Rafael Nadal‘s tennis slump continues, but he didn’t drop out of his number seven slot on the rankings chart although friend and fellow Spaniard David Ferrer is hot on his trail. Much talk has been given about him still being considered a favorite at the 2015 French Open aka Roland Garros, but former world number four Robin Soderling seems to think his time has ended in that slot.
Nadal has endured one of his toughest clay-court campaigns to date, winning just one title from six events on the surface in 2015 as his ranking has fallen to seventh.
The only man to beat Nadal at Roland Garros, Soderling said the nine-time champion in Paris has been overtaken in the favourite stakes by Novak Djokovic – who is still aiming to break his drought in the France major.
Djokovic has won the past five Masters-tier tournaments he has contested, including wins in Rome and Monte Carlo which have taken his season record to 35-2.
“I think this is the first year where he’s not the number one favourite,” Soderling, a two-time finalist at Roland Garros, said.
“Looking back at the start of this year and also last year, Novak played unbelievable and he played a little bit better than Raf.
“He [Djokovic] beat him in Monte Carlo, but again I know how it is as a player coming back to a place where you really feel comfortable, where you’ve always played well.
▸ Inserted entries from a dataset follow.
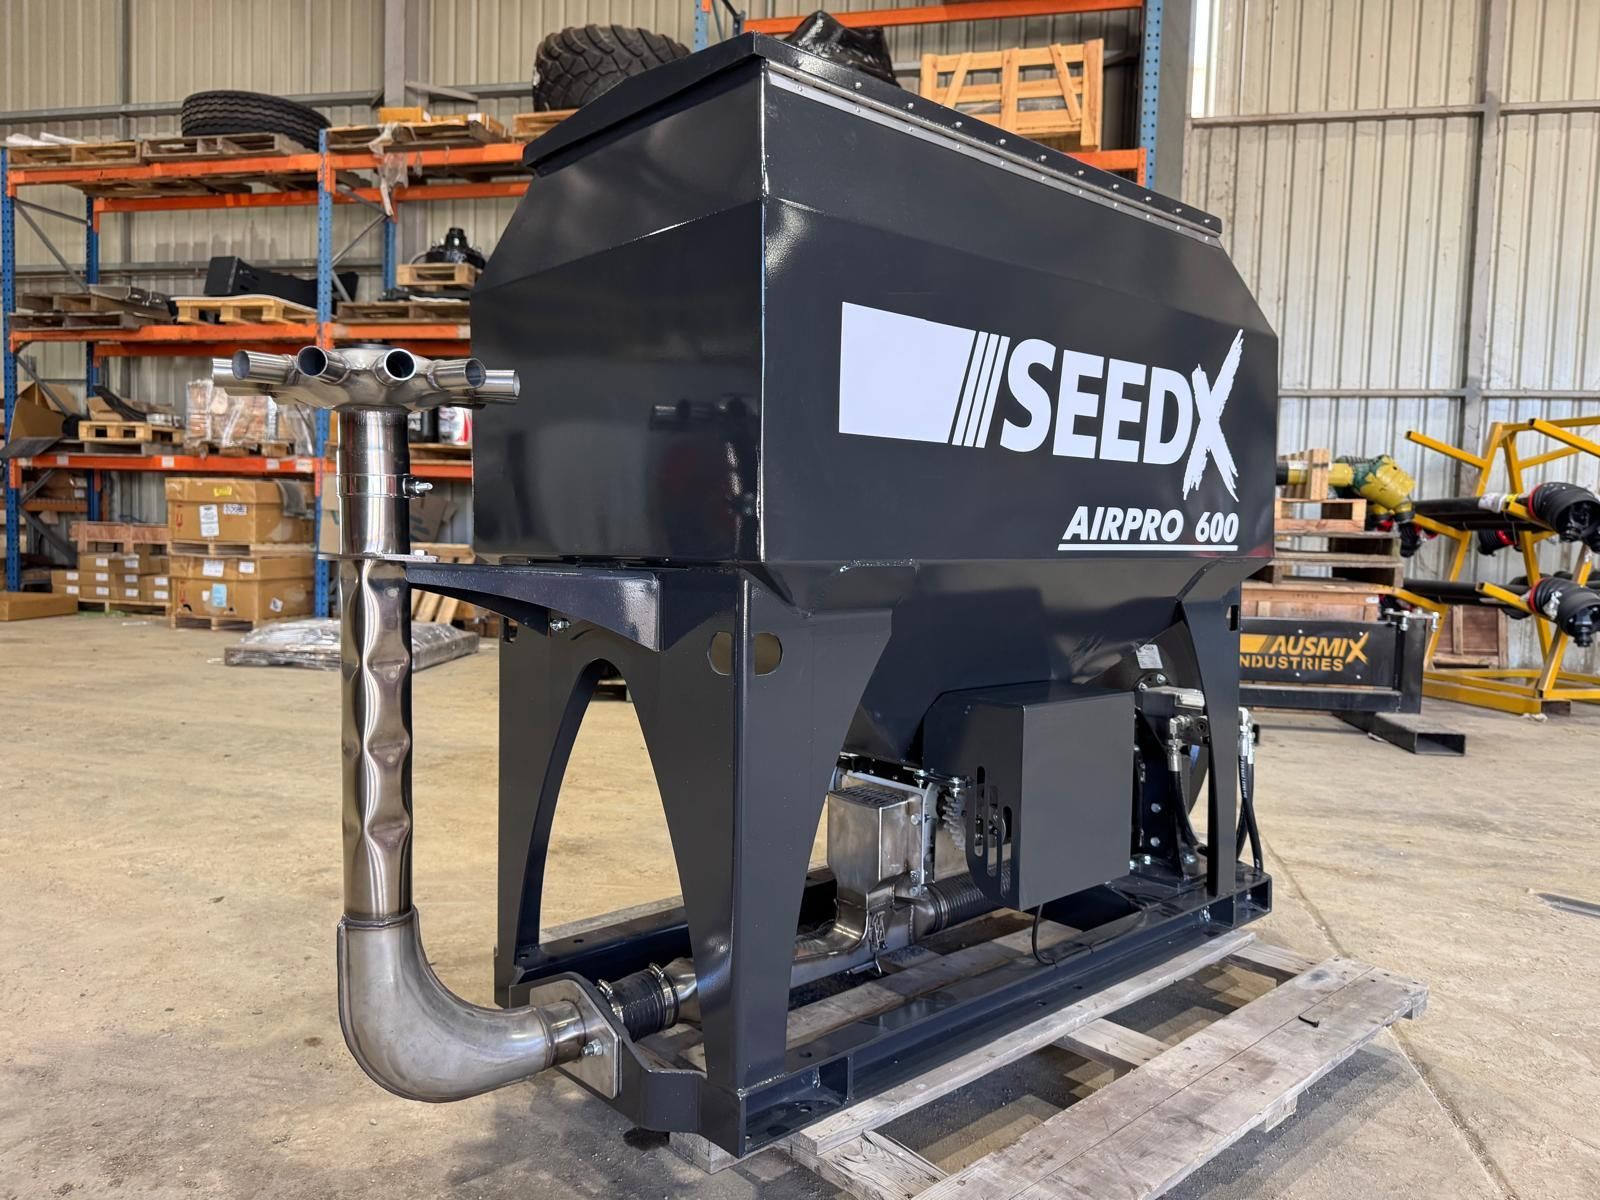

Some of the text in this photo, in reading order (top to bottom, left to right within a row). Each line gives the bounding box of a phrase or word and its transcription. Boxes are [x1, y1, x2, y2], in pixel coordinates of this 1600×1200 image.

[1000, 329, 1243, 502] SEEDX
[1062, 506, 1239, 542] AIRPRO 600
[1240, 654, 1344, 672] NDUSTRIES
[1269, 632, 1369, 665] AUSMIX
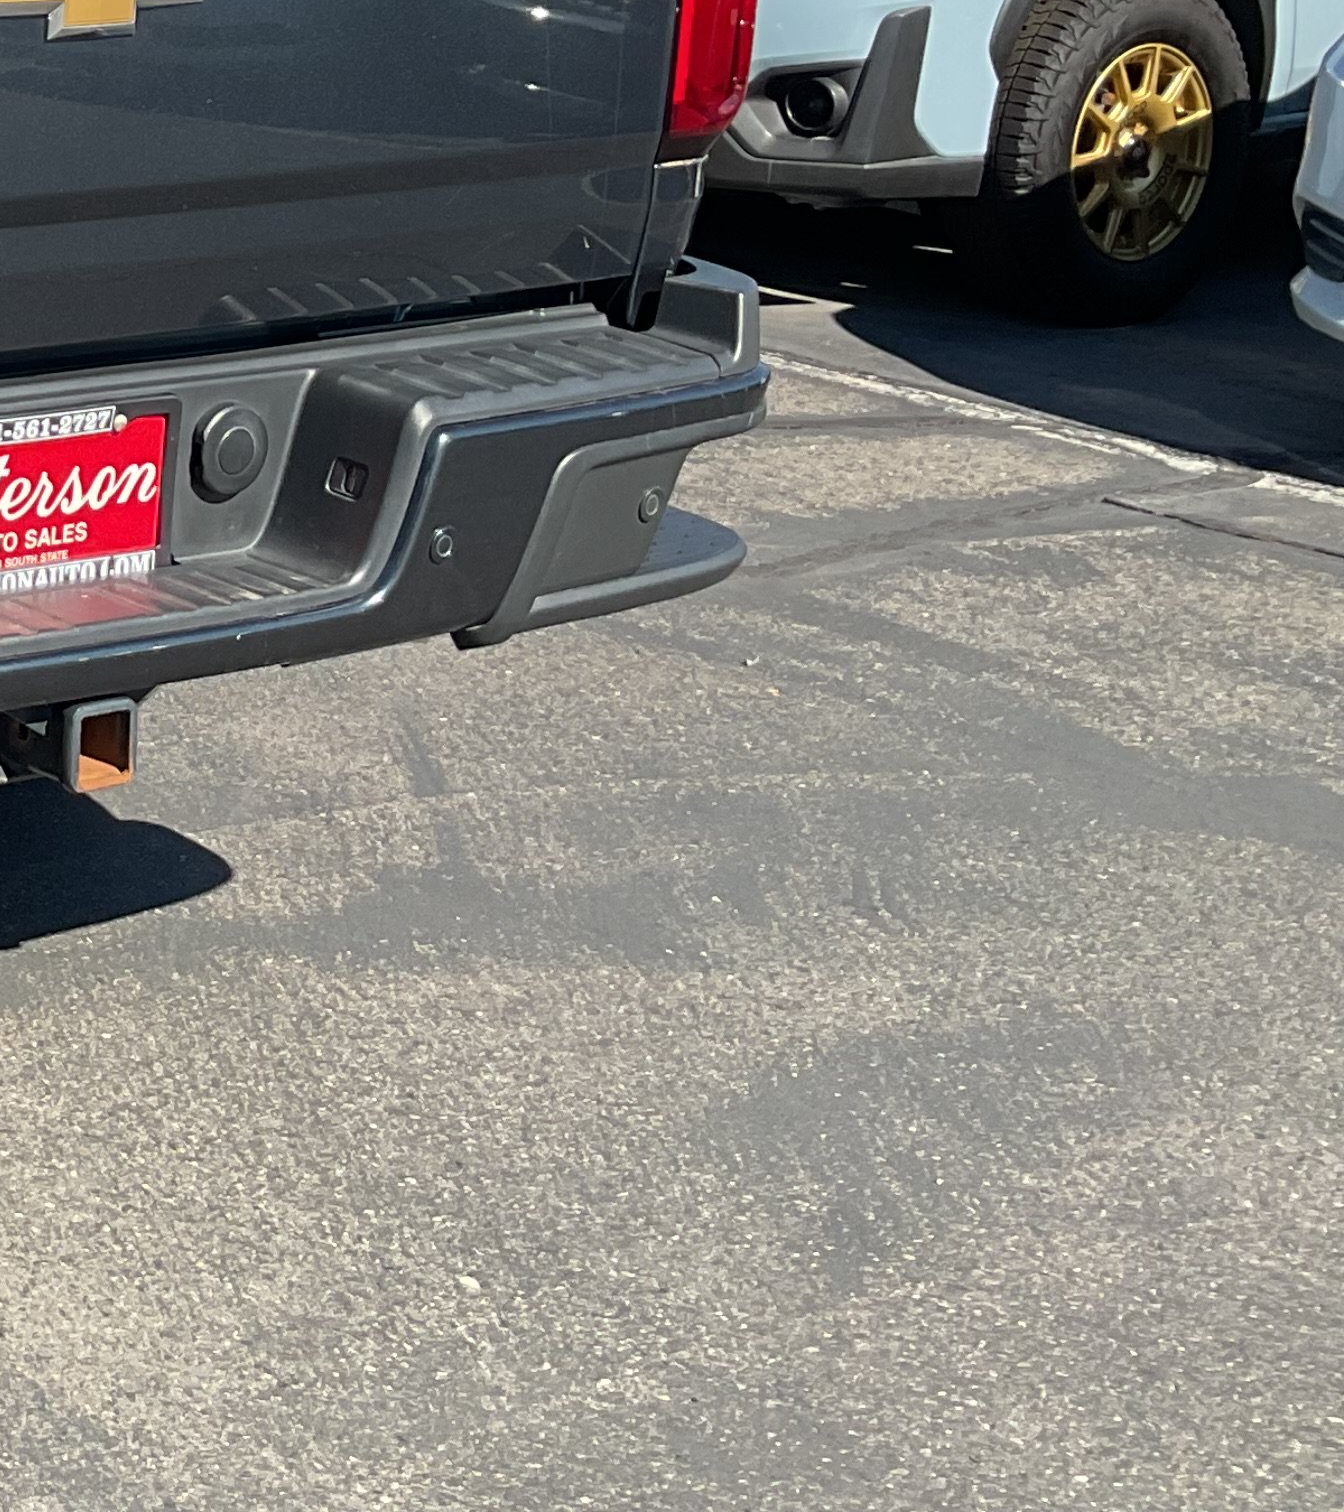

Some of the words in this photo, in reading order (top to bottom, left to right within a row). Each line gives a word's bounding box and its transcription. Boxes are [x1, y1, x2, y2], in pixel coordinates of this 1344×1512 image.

[24, 521, 88, 550] SALES
[4, 554, 38, 568] SOUTH
[40, 549, 69, 562] STATE
It can make you play so much better.
“So it’s going to be tough, but this year I see Novak as the number one favourite.”
His Djokovic tip echoes that of Jim Courier, who claimed Nadal has become “mortal” on clay.
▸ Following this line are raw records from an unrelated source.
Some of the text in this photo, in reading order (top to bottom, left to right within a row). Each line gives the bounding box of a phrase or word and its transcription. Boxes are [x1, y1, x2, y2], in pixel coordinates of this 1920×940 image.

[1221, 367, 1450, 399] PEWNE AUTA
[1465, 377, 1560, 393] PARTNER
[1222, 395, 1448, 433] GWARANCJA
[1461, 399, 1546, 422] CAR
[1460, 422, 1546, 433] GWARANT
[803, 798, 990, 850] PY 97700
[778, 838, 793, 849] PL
Soderling, 30, has been inactive on the ATP World Tour since 2011, after battling mononucleosis.
The Swede remains an active figure on the circuit, however, as tournament director of the Stockholm Open.
Soderling said he felt Roger Federer was the best player he faced in his career, which he has insisted is not yet over.
“For me, to play against Roger was always the most difficult, because, after I played him six or seven times, I realised I never played a good match against Roger. Why is that? I lost all the matches,” Soderling said.
“Even when I played against Rafa and Novak, sometimes I won, sometimes I lost, but I could still, even after a loss, I could feel like ‘I played a good match today’.
“But against Roger I never played well. I started to think about it and I realised, that’s because he’s making me play bad, he’s mixing up his game so much. He was a really tough player for me.”